Correct crashes in TSan on NetBSD
AbandonedPublic

Authored by krytarowski on Nov 3 2017, 1:06 PM.

Details

Summary

Fix few problems on NetBSD that caused crashes.

  1. Correct handling death of a thread. Stop using the Linux solution with pthread_key_create(3). This does not work on NetBSD, because calling the thread destructor is not the latest operation on a POSIX thread entity. NetBSD's libpthread still calls at least pthread_mutex_lock and pthread_mutex_unlock. Detect _lwp_exit(2) call as it is really the latest operation called from a detaching POSIX thread.
  1. Add interceptor for _lwp_exit() on NetBSD-only.
  1. Disable detection of on_exit() on NetBSD. Introduce TSAN_MAYBE_INTERCEPT_ON_EXIT. It looks like this code fixes build for Darwin.
  1. Correct handling atexit(3). The NetBSD specific implementation of cxa_atexit() does not preserve the 2nd argument if dso is equal to NULL. Split paths of handling intercepted cxa_atexit() and atexit(3). Add a local stack-like structure to hold the __cxa_atexit() context. atexit(3) is documented in the C standard as calling callback from the earliest to the oldest entry. This path also fixes potential ABI problem of passing an argument to a function from the atexit(3) callback mechanism.

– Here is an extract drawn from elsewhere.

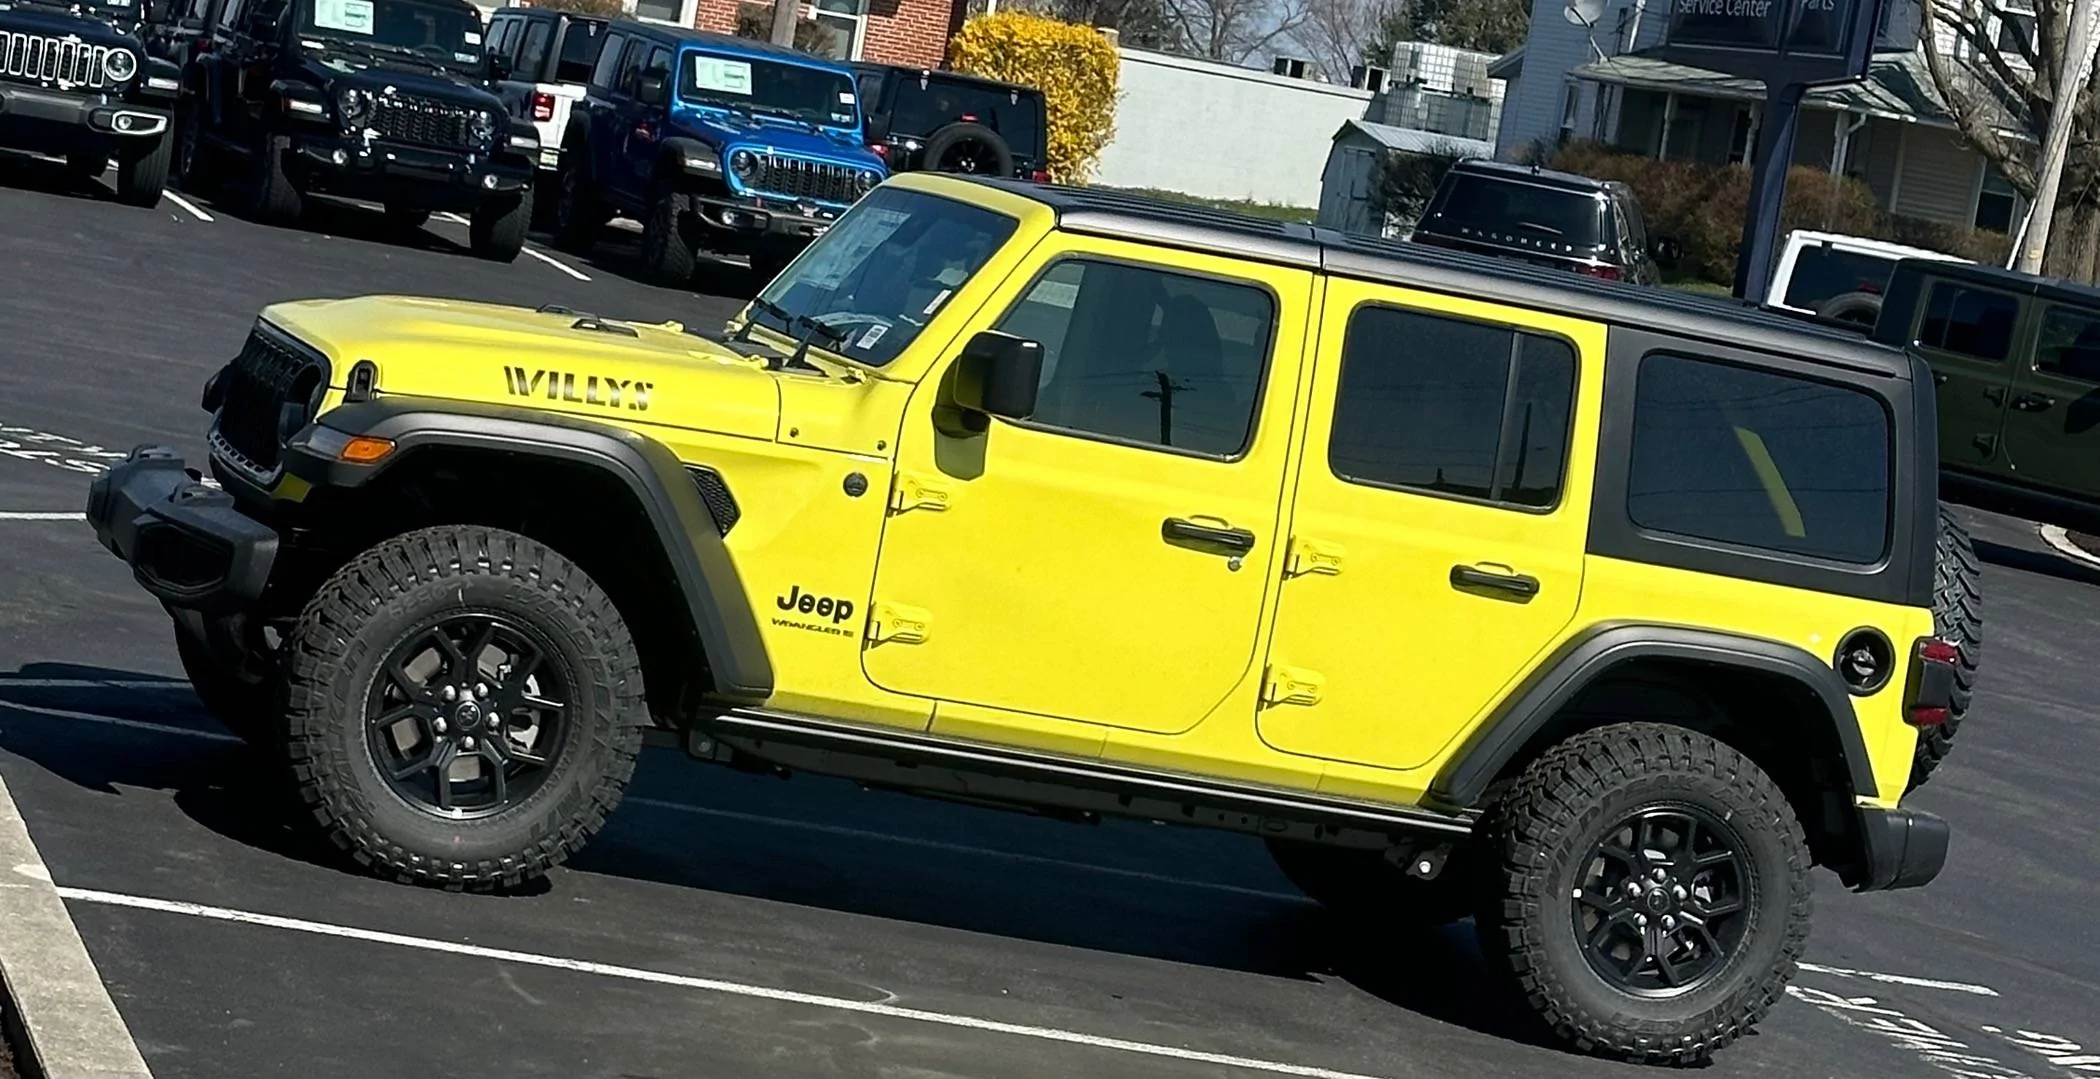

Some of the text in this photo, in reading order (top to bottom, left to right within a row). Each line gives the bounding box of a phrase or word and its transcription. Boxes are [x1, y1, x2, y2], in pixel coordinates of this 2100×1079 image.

[1679, 0, 1773, 17] Service Center
[503, 365, 654, 411] WILLYS
[776, 585, 854, 625] Jeep

    Proposal to change the behavior of __cxa_atexit() in NetBSD has been rejected.
  1. Introduce new internal allocator: InternalReallocArr() that has been modeled after NetBSD's reallocarr(3) extension to libc. This function is handy to resize/free arrays.

With the above changes, TSan/NetBSD can fully bootstrap into operation.

Sponsored by <The NetBSD Foundation>

Diff Detail

Repository
rL LLVM

Event Timeline

krytarowski created this revision.Nov 3 2017, 1:06 PM
vitalybuka edited edge metadata.Nov 3 2017, 1:16 PM

It's not obvious to guess which of 1,2,..5 correspond to which line of the patch
Could you please split patches accordingly?

krytarowski abandoned this revision.Nov 3 2017, 1:18 PM

This patch will be divided into smaller chunks.